[Collected data]
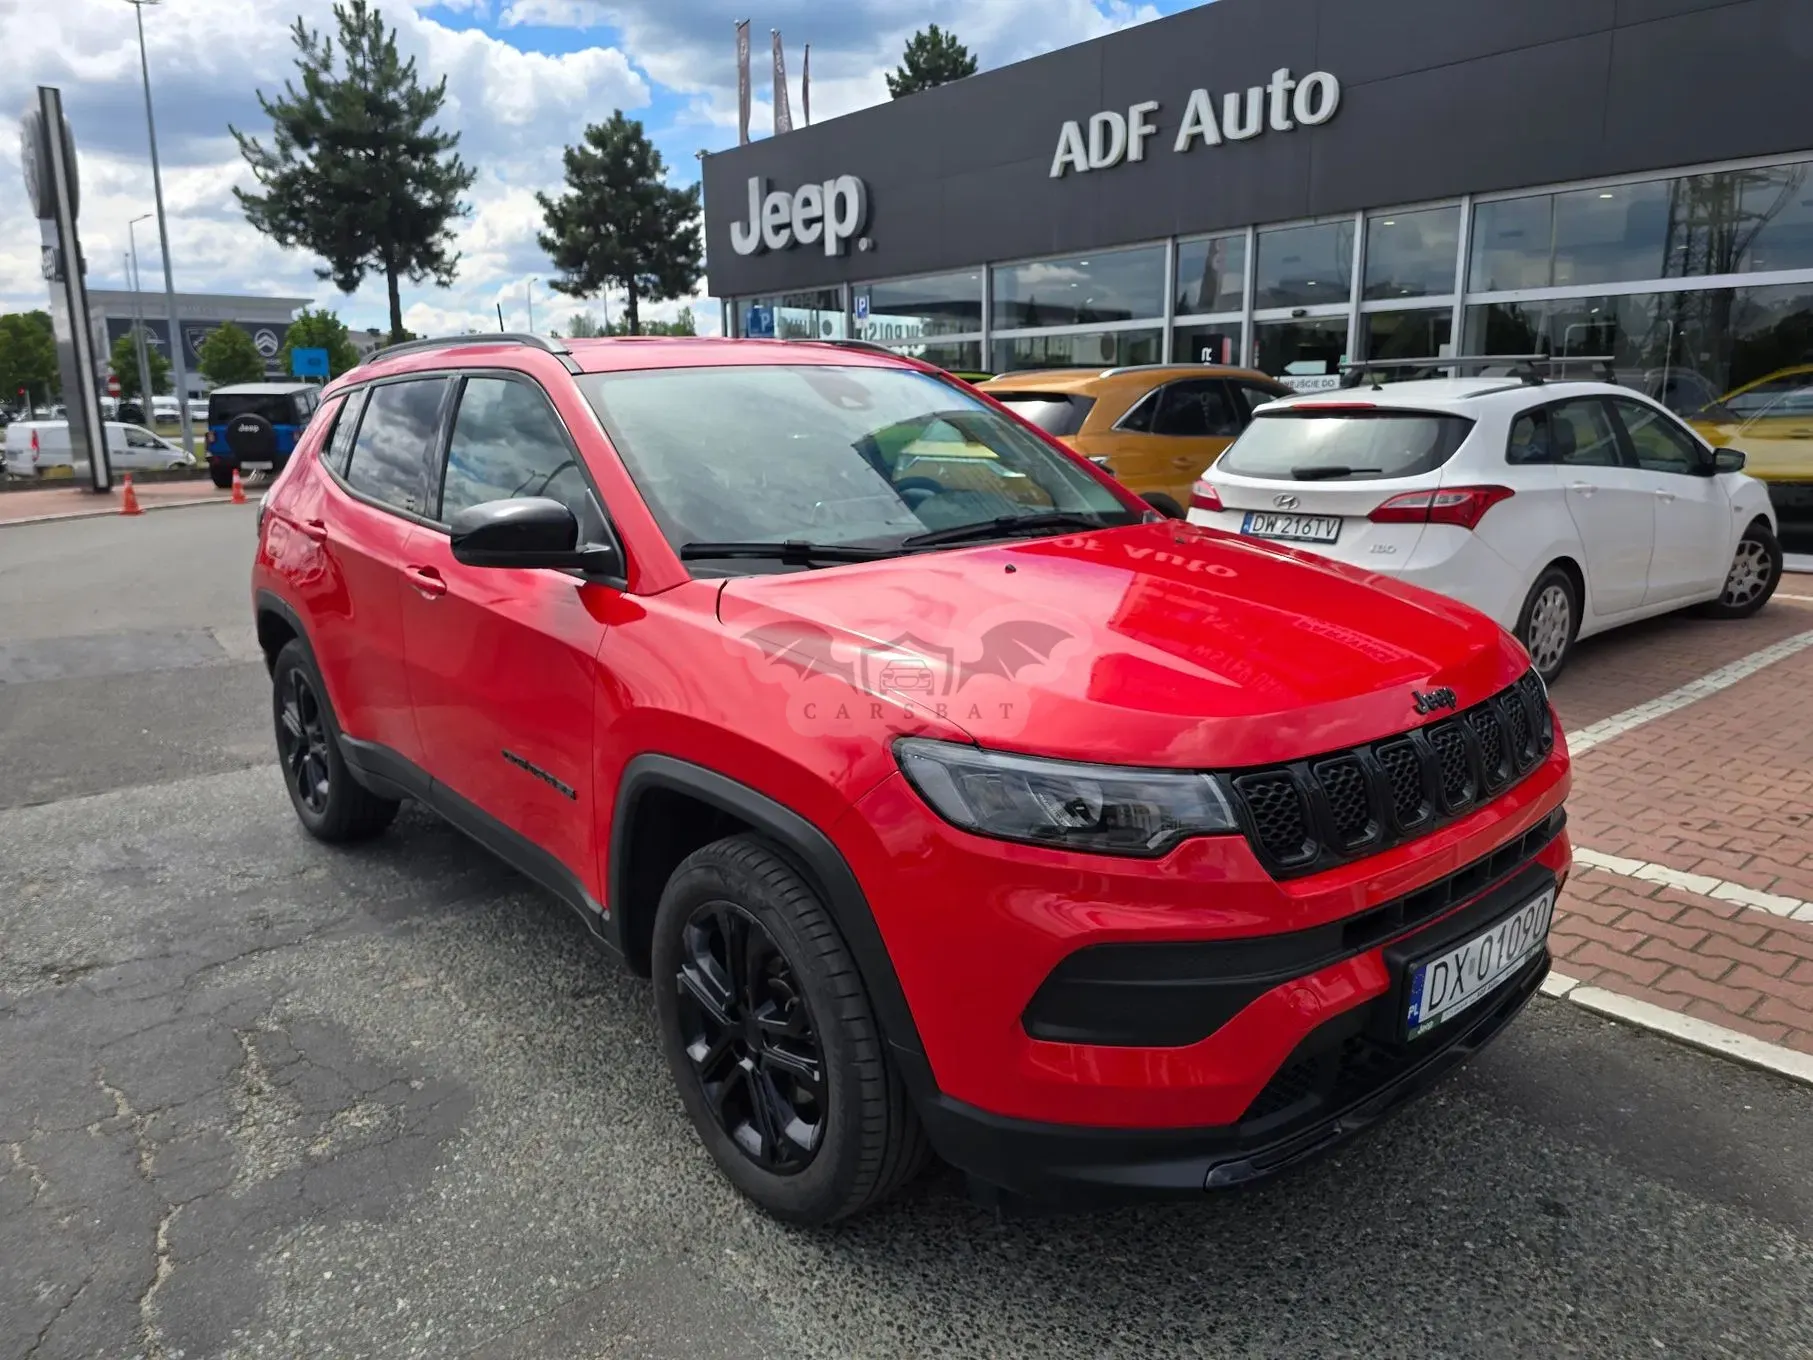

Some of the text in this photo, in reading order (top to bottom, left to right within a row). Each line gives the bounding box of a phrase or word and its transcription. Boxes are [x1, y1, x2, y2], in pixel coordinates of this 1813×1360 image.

[1049, 67, 1341, 178] ADF Auto
[730, 174, 867, 256] Jeep
[1253, 514, 1337, 537] DW 216TV
[1411, 686, 1457, 715] Jeep
[1428, 896, 1549, 1012] DX 01090
[1407, 1003, 1419, 1020] PL

▸ EXERCISE DIRECTIONS:
Output each record above exactly; omit the images.

▸ EXERCISE RESPONSE:
Some of the text in this photo, in reading order (top to bottom, left to right within a row). Each line gives the bounding box of a phrase or word and its transcription. Boxes are [x1, y1, x2, y2], in pixel coordinates of this 1813×1360 image.

[1049, 67, 1341, 178] ADF Auto
[730, 174, 867, 256] Jeep
[1253, 514, 1337, 537] DW 216TV
[1411, 686, 1457, 715] Jeep
[1428, 896, 1549, 1012] DX 01090
[1407, 1003, 1419, 1020] PL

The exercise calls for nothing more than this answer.